*** Begin section ***
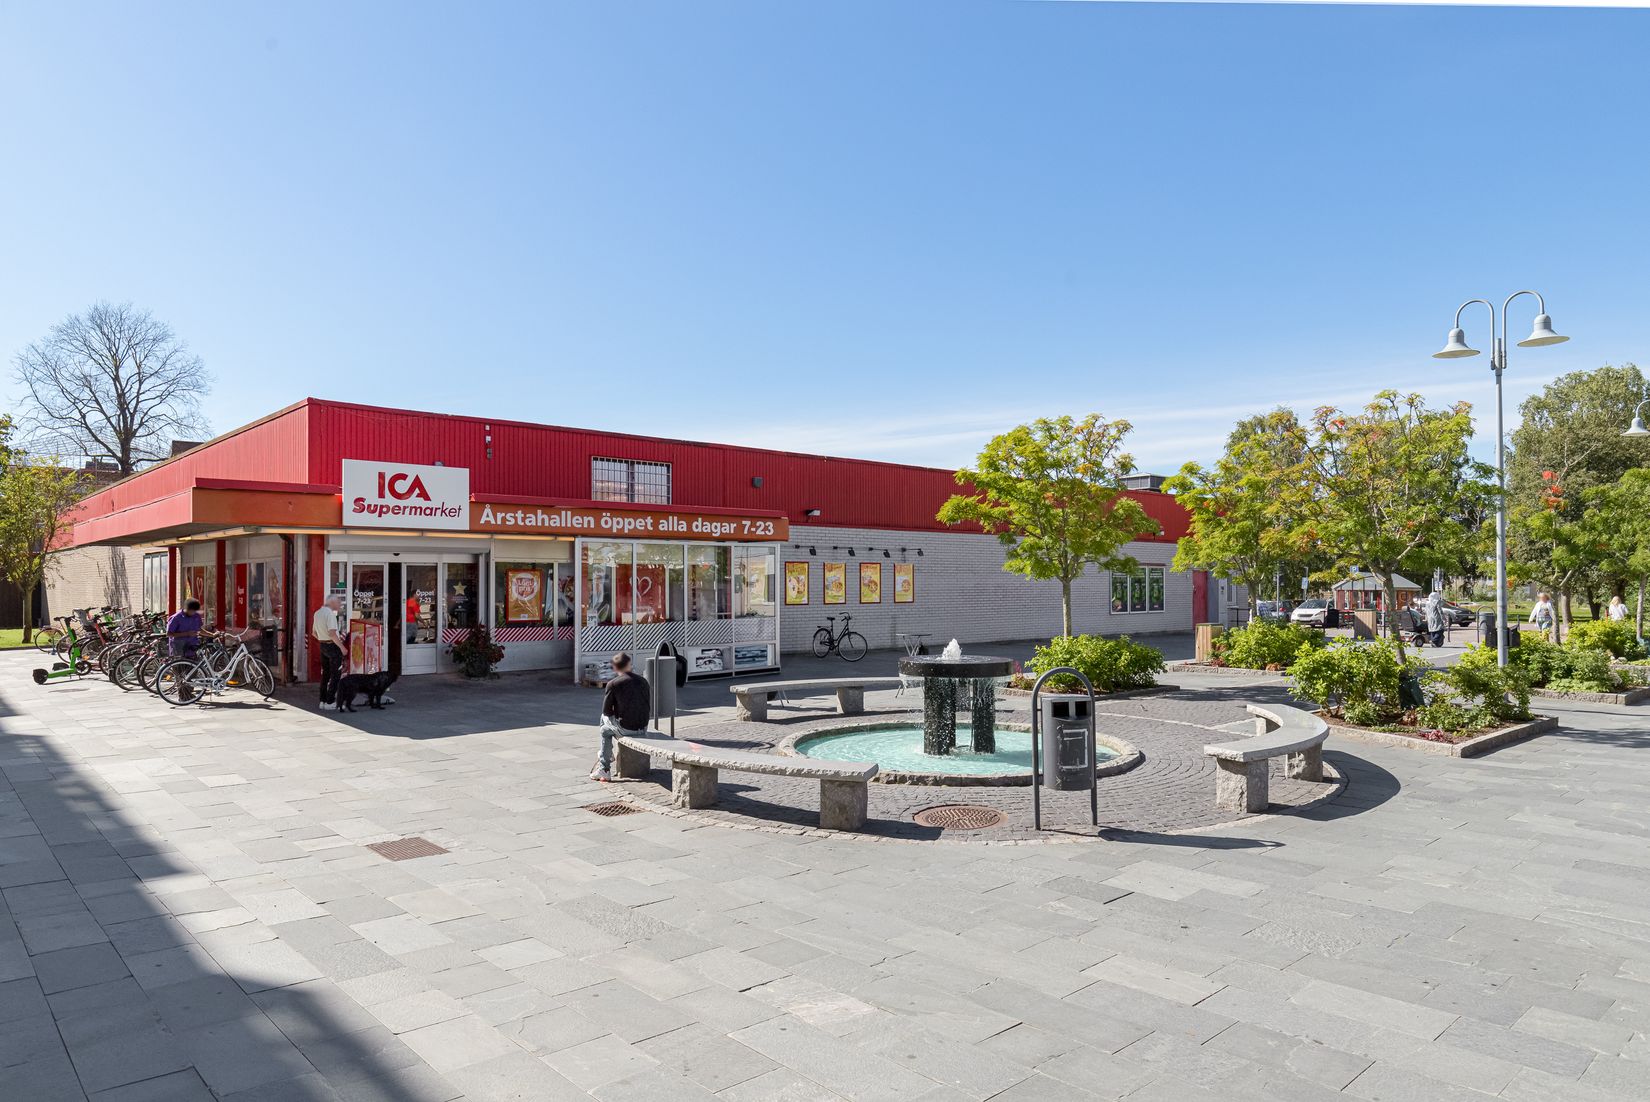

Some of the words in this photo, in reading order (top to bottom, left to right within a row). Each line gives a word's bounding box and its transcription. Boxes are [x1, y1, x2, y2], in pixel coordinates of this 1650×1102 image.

[378, 472, 431, 501] ICA
[352, 497, 462, 518] Supermarket
[480, 503, 595, 529] Årstahallen
[600, 512, 653, 534] öppet
[658, 515, 687, 532] alla
[692, 517, 737, 537] dagar
[741, 520, 775, 536] 7-23
[353, 589, 375, 598] Öppet
[415, 588, 434, 597] Öppet
*** End section ***
> **Work instructions**
Every line of the material is to be quoted exactly, with no pictures carried over.

> **Exercise result**
Some of the words in this photo, in reading order (top to bottom, left to right within a row). Each line gives a word's bounding box and its transcription. Boxes are [x1, y1, x2, y2], in pixel coordinates of this 1650×1102 image.

[378, 472, 431, 501] ICA
[352, 497, 462, 518] Supermarket
[480, 503, 595, 529] Årstahallen
[600, 512, 653, 534] öppet
[658, 515, 687, 532] alla
[692, 517, 737, 537] dagar
[741, 520, 775, 536] 7-23
[353, 589, 375, 598] Öppet
[415, 588, 434, 597] Öppet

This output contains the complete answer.